RIO DE JANEIRO – “Será que este homem não tem orgulho?”

A frase acima, que abre o décimo-primeiro post da trajetória da Tyrrell na série Equipes Históricas, foi proferida pelo campeão mundial de Fórmula 1 em 1978. Ao ver um carro totalmente pintado de azul num dos boxes do Autódromo 17 de Octubre em Buenos Aires, na Argentina, Mario Andretti mostrava toda sua indignação. Ele estava diante de uma cópia fiel do Lotus 79, o carro “demolidor” da época.

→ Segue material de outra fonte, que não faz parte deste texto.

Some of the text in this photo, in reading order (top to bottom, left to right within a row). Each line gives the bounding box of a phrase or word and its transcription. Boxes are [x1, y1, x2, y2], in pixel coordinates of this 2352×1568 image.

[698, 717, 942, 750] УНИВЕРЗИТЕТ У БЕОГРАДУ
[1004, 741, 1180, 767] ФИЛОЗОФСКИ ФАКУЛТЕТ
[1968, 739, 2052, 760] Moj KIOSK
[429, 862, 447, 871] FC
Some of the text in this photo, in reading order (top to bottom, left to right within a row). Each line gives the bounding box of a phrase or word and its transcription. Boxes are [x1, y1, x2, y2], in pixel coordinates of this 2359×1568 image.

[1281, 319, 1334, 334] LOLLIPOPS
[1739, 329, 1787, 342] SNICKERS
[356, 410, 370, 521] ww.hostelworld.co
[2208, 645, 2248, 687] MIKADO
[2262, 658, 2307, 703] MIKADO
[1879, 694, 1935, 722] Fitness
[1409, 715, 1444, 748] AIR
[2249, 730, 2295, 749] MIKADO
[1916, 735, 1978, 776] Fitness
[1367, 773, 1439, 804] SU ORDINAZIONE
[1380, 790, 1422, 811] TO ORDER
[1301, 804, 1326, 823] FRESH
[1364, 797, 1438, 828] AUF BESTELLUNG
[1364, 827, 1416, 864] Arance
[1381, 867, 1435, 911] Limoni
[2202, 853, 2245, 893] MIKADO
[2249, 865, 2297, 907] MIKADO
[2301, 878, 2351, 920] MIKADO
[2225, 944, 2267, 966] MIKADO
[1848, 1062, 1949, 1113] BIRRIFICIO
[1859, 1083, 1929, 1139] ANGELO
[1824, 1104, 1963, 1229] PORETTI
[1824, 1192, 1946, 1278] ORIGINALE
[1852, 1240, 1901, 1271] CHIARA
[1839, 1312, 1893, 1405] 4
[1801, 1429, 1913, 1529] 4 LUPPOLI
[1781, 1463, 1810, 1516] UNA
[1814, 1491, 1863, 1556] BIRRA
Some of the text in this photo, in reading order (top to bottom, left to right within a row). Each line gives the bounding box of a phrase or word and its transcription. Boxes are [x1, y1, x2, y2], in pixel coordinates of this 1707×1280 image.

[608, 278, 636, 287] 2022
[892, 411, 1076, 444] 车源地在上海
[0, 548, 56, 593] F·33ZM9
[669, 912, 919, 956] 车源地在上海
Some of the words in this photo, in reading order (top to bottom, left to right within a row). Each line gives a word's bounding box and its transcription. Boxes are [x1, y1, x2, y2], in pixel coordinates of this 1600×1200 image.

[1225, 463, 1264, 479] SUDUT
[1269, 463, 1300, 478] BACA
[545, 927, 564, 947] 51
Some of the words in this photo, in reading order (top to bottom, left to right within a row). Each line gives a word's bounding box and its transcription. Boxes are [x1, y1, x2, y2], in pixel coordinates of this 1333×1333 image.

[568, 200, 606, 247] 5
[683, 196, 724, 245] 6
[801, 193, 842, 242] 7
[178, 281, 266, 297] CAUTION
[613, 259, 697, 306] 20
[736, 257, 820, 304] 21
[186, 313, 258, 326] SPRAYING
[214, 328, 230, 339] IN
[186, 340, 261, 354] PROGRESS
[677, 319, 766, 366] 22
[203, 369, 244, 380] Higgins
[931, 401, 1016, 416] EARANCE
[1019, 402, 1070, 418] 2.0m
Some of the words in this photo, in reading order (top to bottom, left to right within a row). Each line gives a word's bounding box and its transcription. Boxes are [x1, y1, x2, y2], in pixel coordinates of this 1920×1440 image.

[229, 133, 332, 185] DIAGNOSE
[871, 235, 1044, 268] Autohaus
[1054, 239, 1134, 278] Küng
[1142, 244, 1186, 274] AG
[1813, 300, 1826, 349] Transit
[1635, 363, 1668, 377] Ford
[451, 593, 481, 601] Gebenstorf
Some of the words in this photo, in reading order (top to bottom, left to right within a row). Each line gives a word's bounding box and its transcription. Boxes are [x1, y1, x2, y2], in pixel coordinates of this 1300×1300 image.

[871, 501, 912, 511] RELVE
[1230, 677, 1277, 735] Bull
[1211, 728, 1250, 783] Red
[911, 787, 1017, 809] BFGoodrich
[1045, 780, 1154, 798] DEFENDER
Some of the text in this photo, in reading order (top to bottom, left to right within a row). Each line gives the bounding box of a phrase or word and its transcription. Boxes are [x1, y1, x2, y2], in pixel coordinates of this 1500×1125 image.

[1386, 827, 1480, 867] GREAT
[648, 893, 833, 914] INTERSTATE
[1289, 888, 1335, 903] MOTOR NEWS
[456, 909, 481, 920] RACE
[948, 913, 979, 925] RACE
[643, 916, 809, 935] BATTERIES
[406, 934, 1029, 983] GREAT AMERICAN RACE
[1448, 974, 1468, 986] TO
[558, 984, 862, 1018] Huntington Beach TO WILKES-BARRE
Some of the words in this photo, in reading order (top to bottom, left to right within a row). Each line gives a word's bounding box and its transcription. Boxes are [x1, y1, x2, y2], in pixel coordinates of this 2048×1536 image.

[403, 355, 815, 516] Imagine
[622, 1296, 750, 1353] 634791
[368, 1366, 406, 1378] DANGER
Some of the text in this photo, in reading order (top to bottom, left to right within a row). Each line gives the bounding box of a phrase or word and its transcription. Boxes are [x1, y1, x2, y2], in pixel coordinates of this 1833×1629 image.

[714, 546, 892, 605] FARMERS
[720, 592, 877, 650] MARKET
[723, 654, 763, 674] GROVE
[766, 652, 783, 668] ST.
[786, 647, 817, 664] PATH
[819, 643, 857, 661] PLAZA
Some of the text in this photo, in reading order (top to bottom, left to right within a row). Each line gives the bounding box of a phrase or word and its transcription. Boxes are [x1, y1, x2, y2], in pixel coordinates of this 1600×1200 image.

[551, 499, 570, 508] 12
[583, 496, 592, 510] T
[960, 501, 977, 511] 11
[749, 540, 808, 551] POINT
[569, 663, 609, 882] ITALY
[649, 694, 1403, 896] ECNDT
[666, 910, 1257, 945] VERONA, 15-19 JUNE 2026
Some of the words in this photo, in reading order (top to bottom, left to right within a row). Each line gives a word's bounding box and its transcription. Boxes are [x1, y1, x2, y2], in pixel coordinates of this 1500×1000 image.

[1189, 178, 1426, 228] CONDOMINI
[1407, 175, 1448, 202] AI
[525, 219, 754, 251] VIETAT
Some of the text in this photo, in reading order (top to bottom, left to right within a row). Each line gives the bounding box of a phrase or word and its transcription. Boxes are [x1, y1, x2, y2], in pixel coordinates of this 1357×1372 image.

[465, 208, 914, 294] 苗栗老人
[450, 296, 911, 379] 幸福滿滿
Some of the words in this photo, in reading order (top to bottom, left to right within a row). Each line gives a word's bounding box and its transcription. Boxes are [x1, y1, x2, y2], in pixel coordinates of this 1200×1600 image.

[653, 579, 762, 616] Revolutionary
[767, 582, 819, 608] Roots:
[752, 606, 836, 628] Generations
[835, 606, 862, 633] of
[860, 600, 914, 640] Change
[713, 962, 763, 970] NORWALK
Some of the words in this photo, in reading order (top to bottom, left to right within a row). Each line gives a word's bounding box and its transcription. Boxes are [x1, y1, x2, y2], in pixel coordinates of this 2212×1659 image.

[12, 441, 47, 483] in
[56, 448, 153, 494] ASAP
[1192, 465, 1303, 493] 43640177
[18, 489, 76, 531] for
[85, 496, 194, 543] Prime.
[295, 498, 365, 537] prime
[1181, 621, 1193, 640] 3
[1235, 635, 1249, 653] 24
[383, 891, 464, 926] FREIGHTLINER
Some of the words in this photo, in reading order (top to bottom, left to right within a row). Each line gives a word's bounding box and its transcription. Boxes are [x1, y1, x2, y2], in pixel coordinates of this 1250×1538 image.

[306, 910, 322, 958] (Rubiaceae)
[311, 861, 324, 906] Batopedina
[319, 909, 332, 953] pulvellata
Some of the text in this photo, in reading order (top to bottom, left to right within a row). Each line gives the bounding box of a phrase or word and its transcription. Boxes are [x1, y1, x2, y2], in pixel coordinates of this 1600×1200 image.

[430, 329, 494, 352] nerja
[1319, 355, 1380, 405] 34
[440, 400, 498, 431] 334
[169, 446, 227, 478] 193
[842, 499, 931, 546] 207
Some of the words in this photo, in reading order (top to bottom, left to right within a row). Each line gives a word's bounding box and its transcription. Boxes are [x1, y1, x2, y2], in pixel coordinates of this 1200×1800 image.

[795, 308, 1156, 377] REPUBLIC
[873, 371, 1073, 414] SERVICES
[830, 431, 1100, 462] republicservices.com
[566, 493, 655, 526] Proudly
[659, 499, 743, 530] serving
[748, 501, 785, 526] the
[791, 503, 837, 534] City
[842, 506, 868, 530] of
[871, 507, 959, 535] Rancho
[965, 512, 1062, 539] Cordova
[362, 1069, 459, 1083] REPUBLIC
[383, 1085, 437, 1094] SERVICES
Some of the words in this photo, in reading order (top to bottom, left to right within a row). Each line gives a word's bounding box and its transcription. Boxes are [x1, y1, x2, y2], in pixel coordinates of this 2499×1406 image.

Dotado de efeito-solo, o Lotus 79 impulsionou Andretti a uma conquista inédita e recolocou Colin Chapman no panteão dos Construtores, com o sétimo título de sua equipe na categoria. É bom lembrar que, naqueles tempos, a Lotus era a equipe com maior número de conquistas, enquanto a Ferrari tinha apenas cinco. Como ter um carro-asa tornou-se condição sine qua non para ser competitivo na Fórmula 1, Ken Tyrrell encomendou a Maurice Philippe um novo projeto. E como no automobilismo, “nada se cria, tudo se copia”, subvertendo a lei de Lavoisier, o novo Tyrrell 009 era mesmo inspirado no melhor carro daqueles tempos – como, aliás, a grande maioria dos projetos preparados para 1979.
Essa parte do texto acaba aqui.